O eclipse, a Nasa e a nossa alma colonizada

A verdade é que a agência norte-americana só vai poder transmitir o eclipse total graças ao núcleo de Astronomia do Cariri e à nossa localização privilegiada

Legenda: Simulação do eclipse solar parcial em Fortaleza. Composição de uma imagem real do Sol com a silhueta artificial da Lua
Foto: Elaboração própria

Uma das melhores coisas de ser do Cariri é que a gente parece um pouco menos suscetível ao mau hábito brasileiro de achar que tudo que é de fora é sempre melhor. Atribuo essa dádiva ao orgulho que temos da nossa história regional, da nossa cultura, da nossa biodiversidade. Seja o reisado do mestre Aldenir, seja a primeira Floresta Nacional do país, ser do miolo do Sertão conforta numa sociedade tão babona da Gringa.

Veja também

Mas parece que outras partes do país sofrem de uma versão piorada do chamado de vira-latismo, termo que, pensando bem, prefiro abolir, afinal os cães sem raça definida estão entre as melhores criaturas do Brasil: lindos, inteligentes, dóceis. Chamo esse tipo de atitude de mente colonizada mesmo.

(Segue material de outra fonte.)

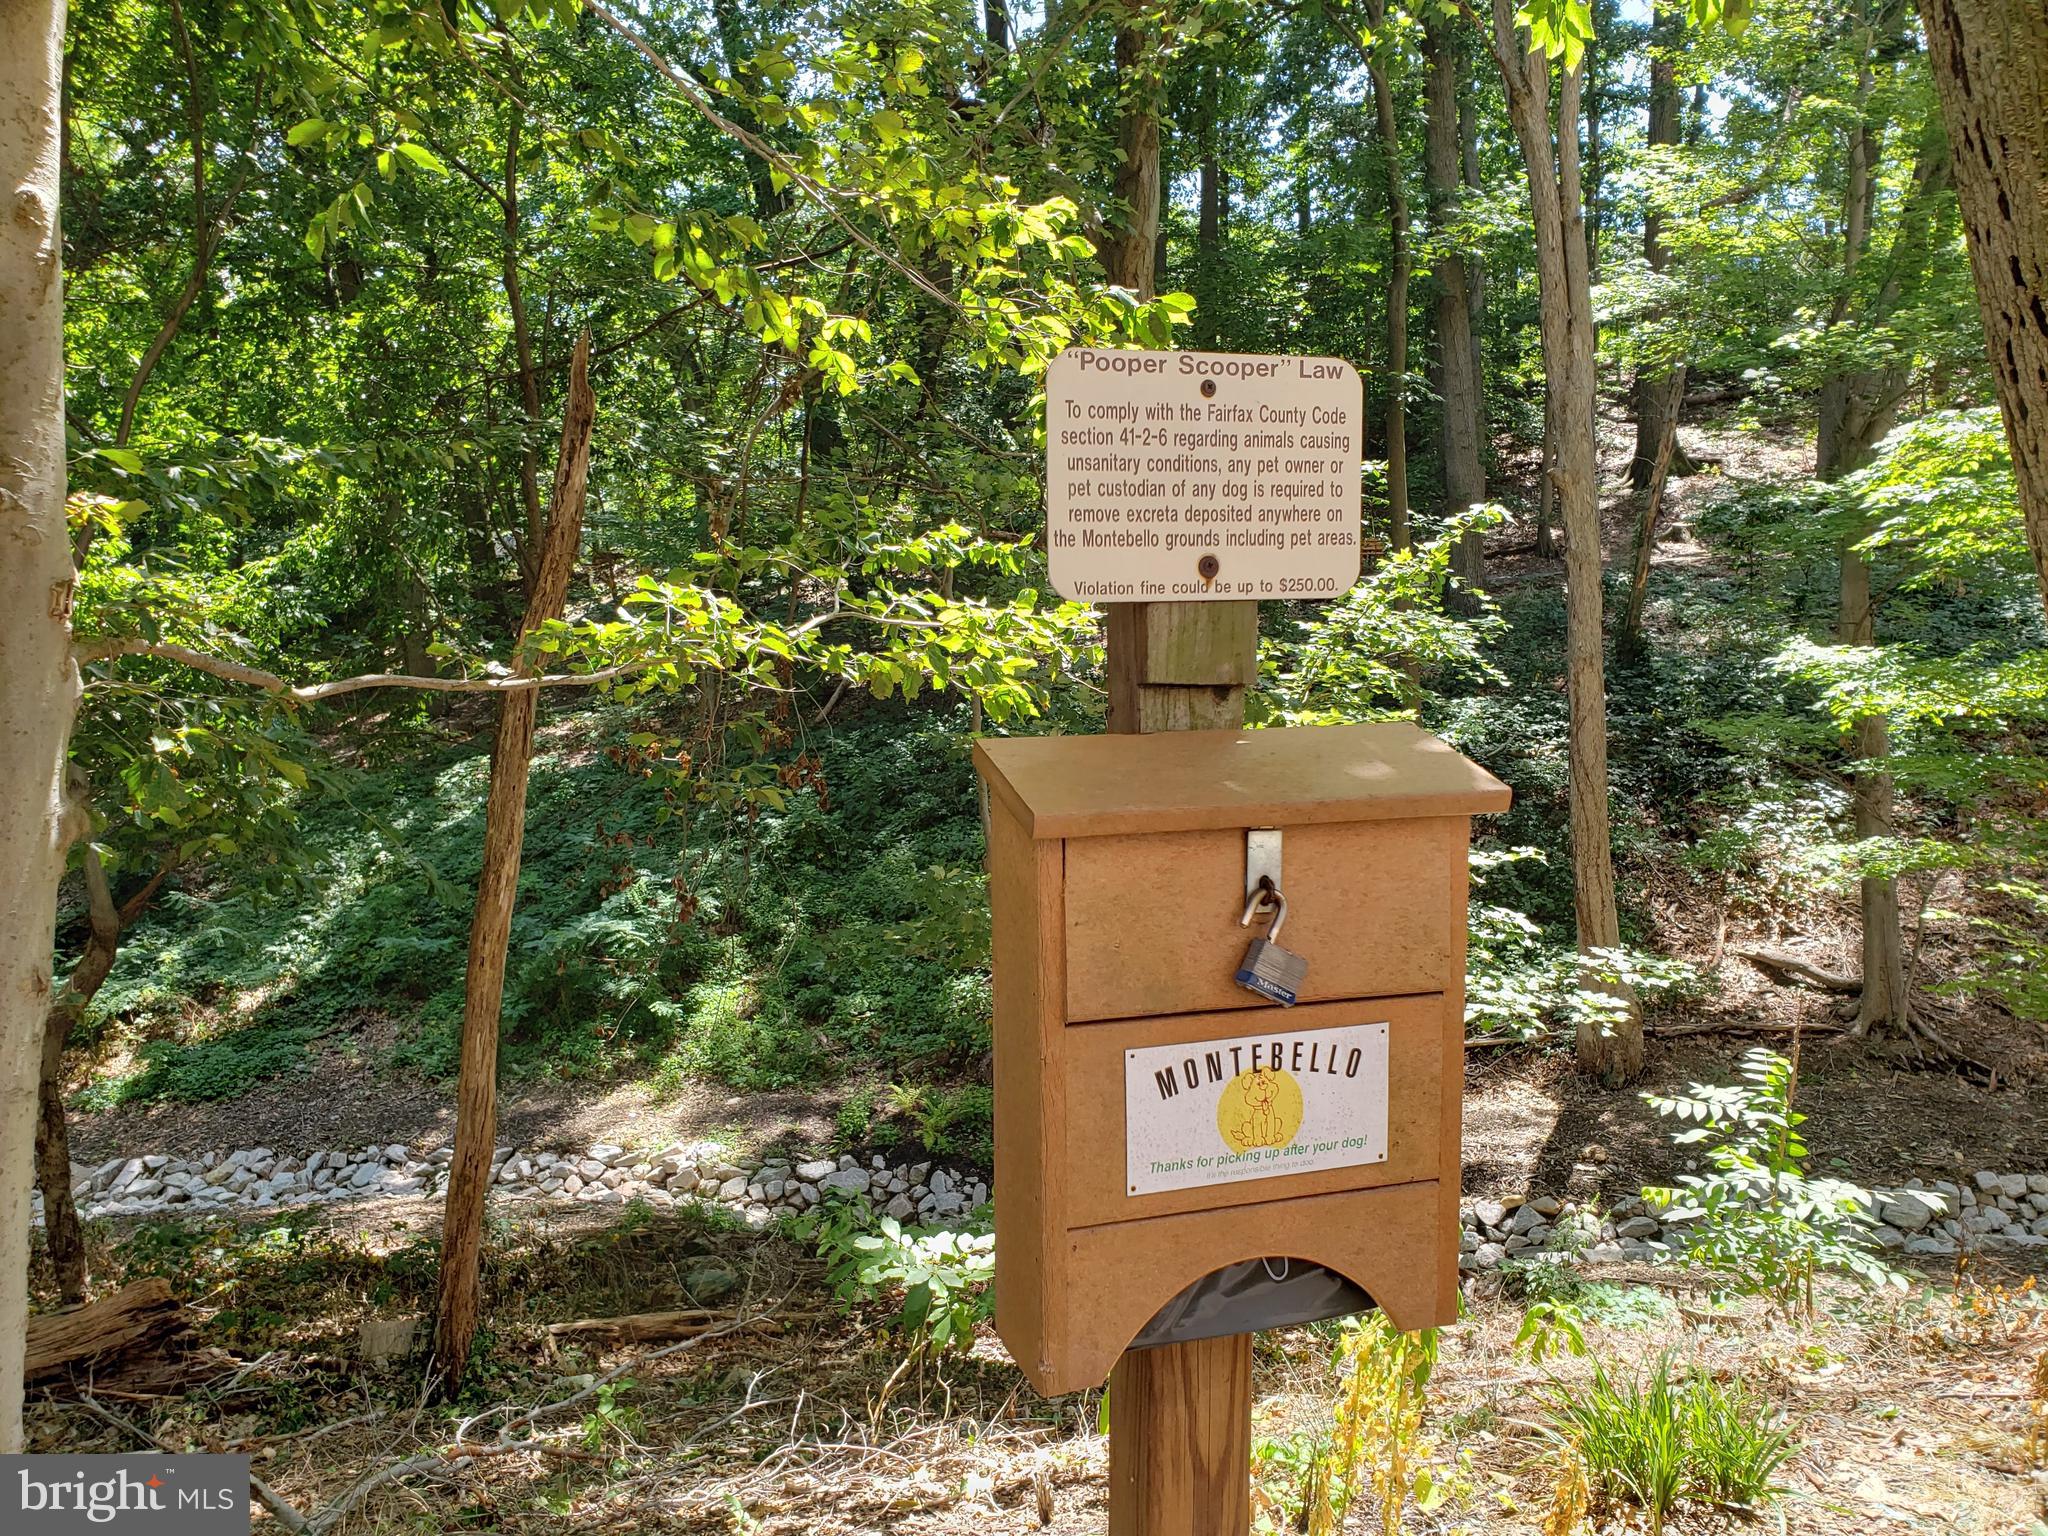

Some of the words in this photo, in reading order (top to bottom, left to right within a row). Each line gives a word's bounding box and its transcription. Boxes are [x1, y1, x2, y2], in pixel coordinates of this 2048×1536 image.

A última vítima desse fenômeno psicossocial coletivo foi o Núcleo de Astronomia do Instituto Federal do Ceará em Juazeiro do Norte. Os equipamentos e os profissionais são brasileiros, todos pagos com dinheiro do contribuinte. Porém, não se sabe como, resolveram dizer que a Agência Espacial dos EUA (a Nasa, na sigla em inglês) montaria equipamentos para acompanhar o eclipse solar no Cariri. 

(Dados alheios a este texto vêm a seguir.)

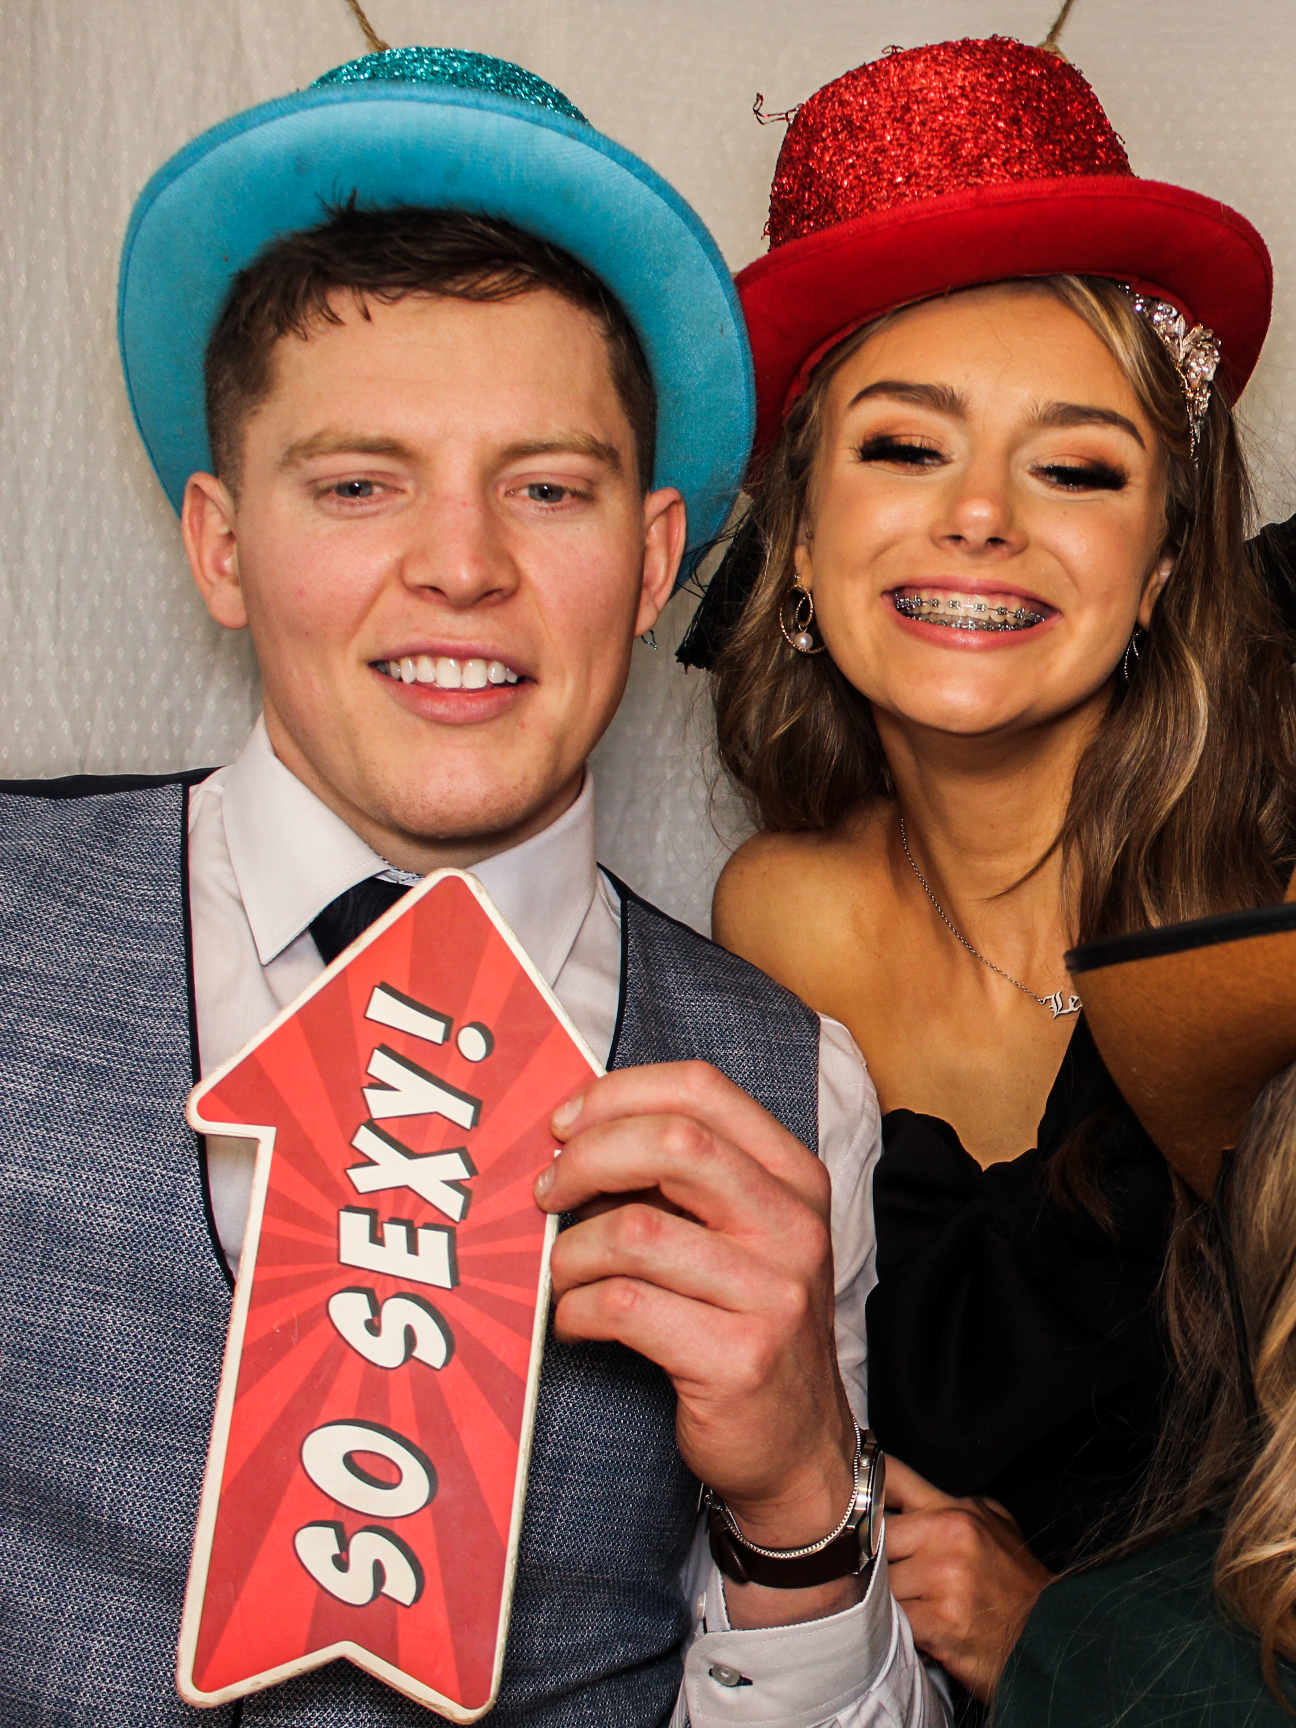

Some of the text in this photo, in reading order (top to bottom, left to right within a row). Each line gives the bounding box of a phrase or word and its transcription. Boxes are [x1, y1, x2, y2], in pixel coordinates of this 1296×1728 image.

[1041, 990, 1083, 1020] Le
[294, 980, 495, 1610] SO SEXY!

A verdade é que a Nasa só vai poder transmitir o eclipse total graças ao núcleo de Astronomia do Cariri e à nossa localização privilegiada. Ou seja, se não houvesse o campus do IFCE em Juazeiro do Norte, talvez os pesquisadores dos EUA buscassem outra forma, com alguma outra instituição, provavelmente pública.

E aí, como a gente costuma dizer, haja Zé para explicar que isso não era aquilo. Houve gente que ficou tão encafifada com a informação de que a Nasa estaria aqui que simplesmente acreditou em algo que poucos acreditam: ver dinheiro dos EUA investido em países como o Brasil.

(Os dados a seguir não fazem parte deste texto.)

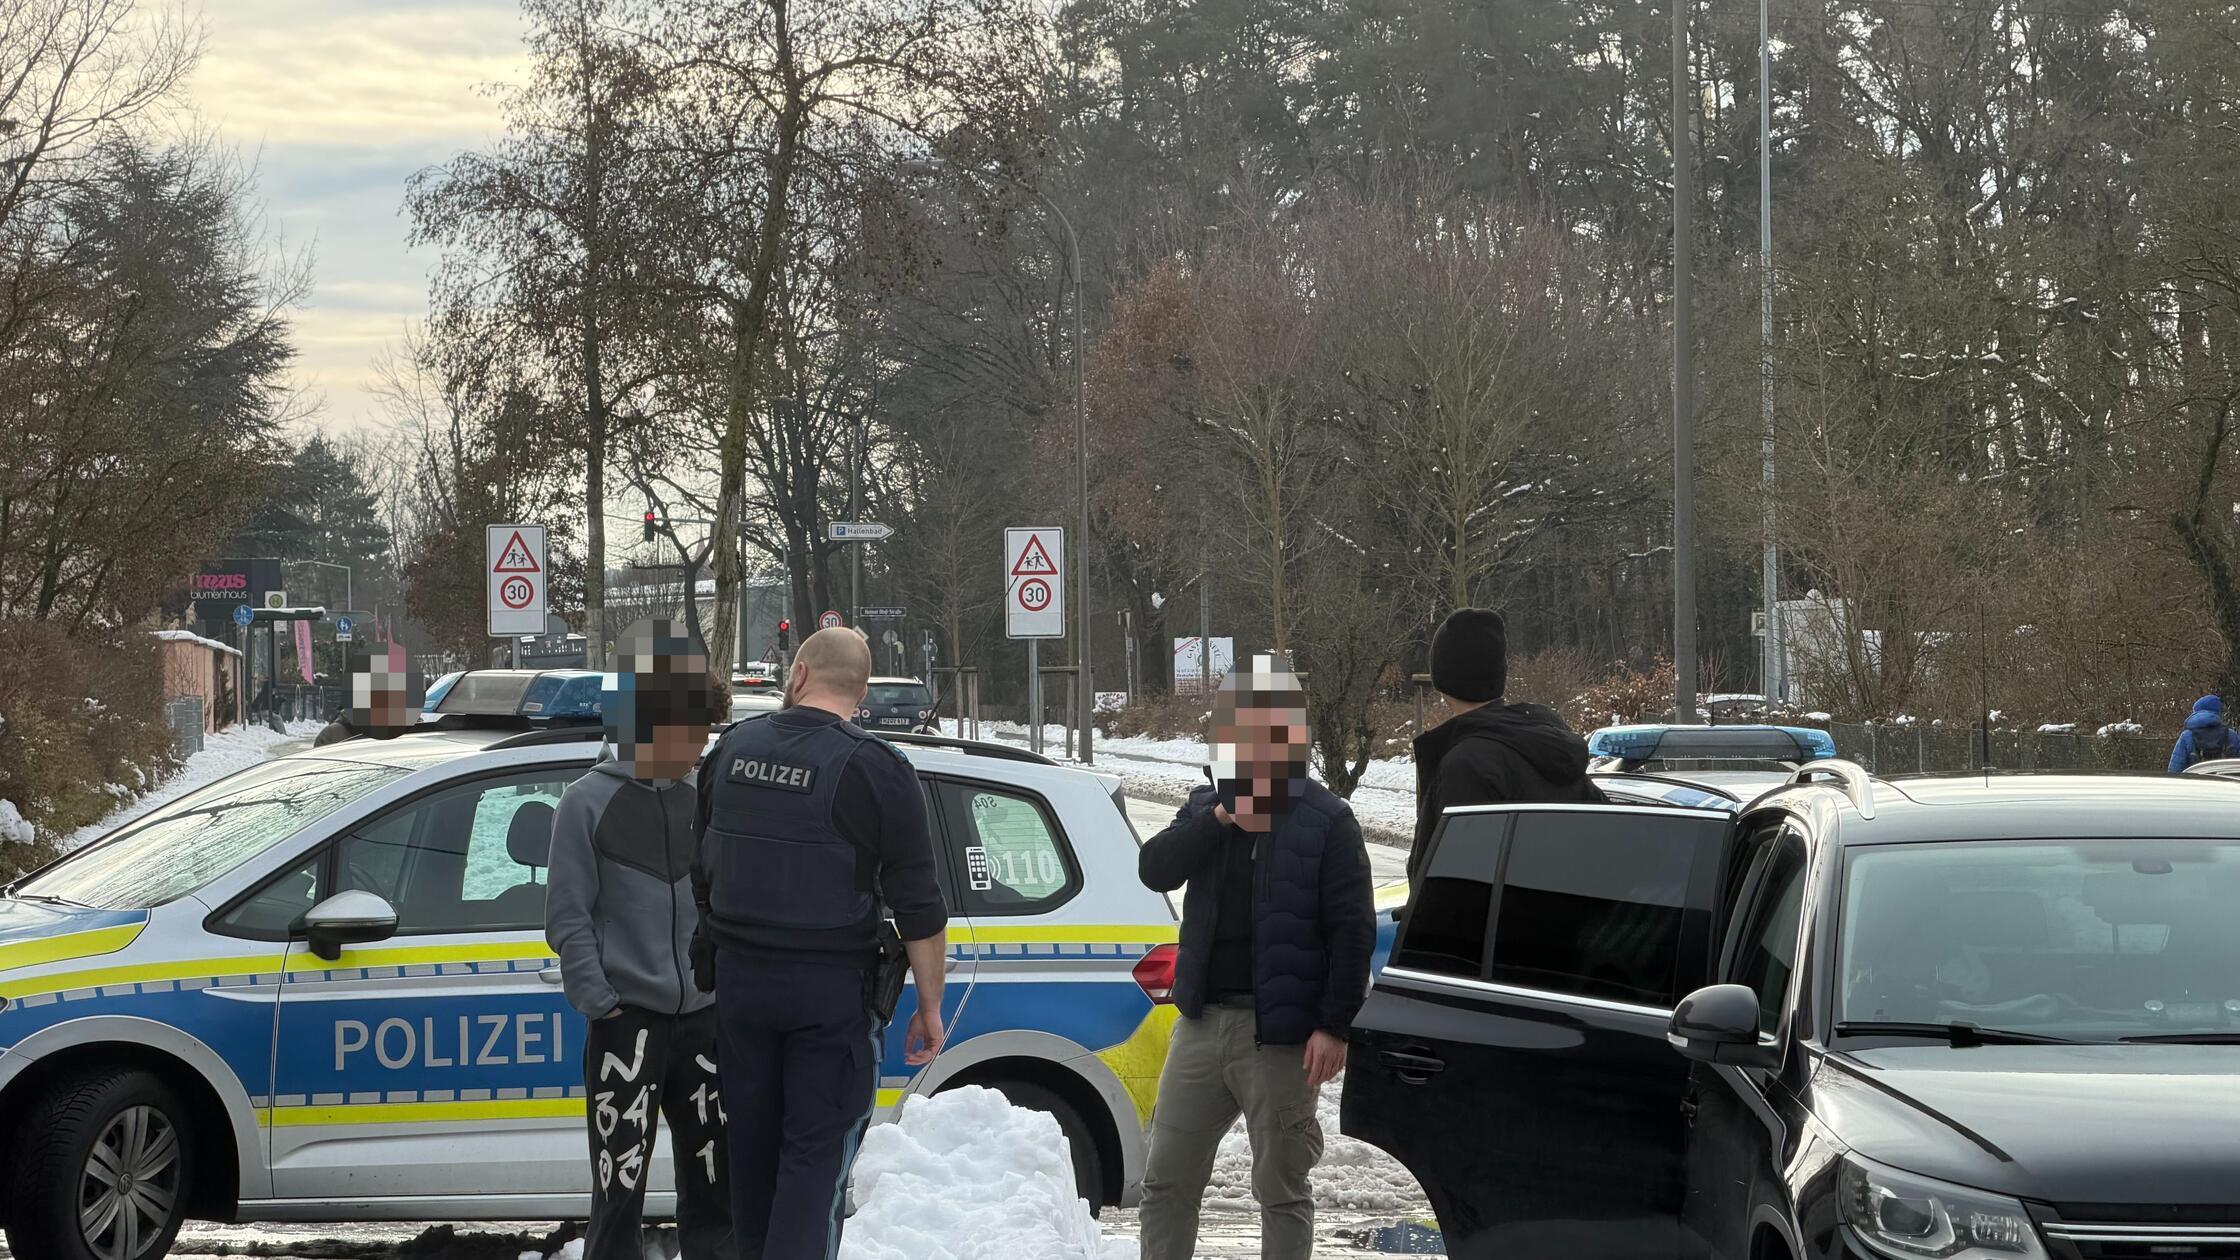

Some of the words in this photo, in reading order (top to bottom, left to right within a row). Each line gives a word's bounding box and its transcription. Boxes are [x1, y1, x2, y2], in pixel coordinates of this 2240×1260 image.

Por outro lado, graças a essa informação falsa, a de que a Nasa montaria equipamentos aqui, o eclipse, que andava tendo uma cobertura jornalística já bastante agitada, acabou ganhando uma relevância estratosférica, escusado o trocadilho. Por quê? Porque somos dependentes da chancela do dito Primeiro Mundo. Nós, aqui no Cariri, menos, mas somos todos, sim. E isso denuncia nossa alma colonizada.

Porém, venho, por meio desta, dizer que aqui não chegou dinheiro nenhum da NASA, sequer equipamento. Os professores do IFCE, inclusive, ficaram chateados com a notícia falsa. Como bom cearense, aderi à pilhéria usando um ditado bem sertanejo: dinheiro da NASA é que nem pé de cobra, quem vê morre.

Nasa, aqui no Cariri, é o apelido do volante Gesiel José de Lima, ex-Icasa, ex-Guarani, ex-Vasco - hoje um empresário que investe em Juazeiro do Norte. No Nasa, sim, eu dou o maior valor. Já sobre a Nasa não tenho notícia.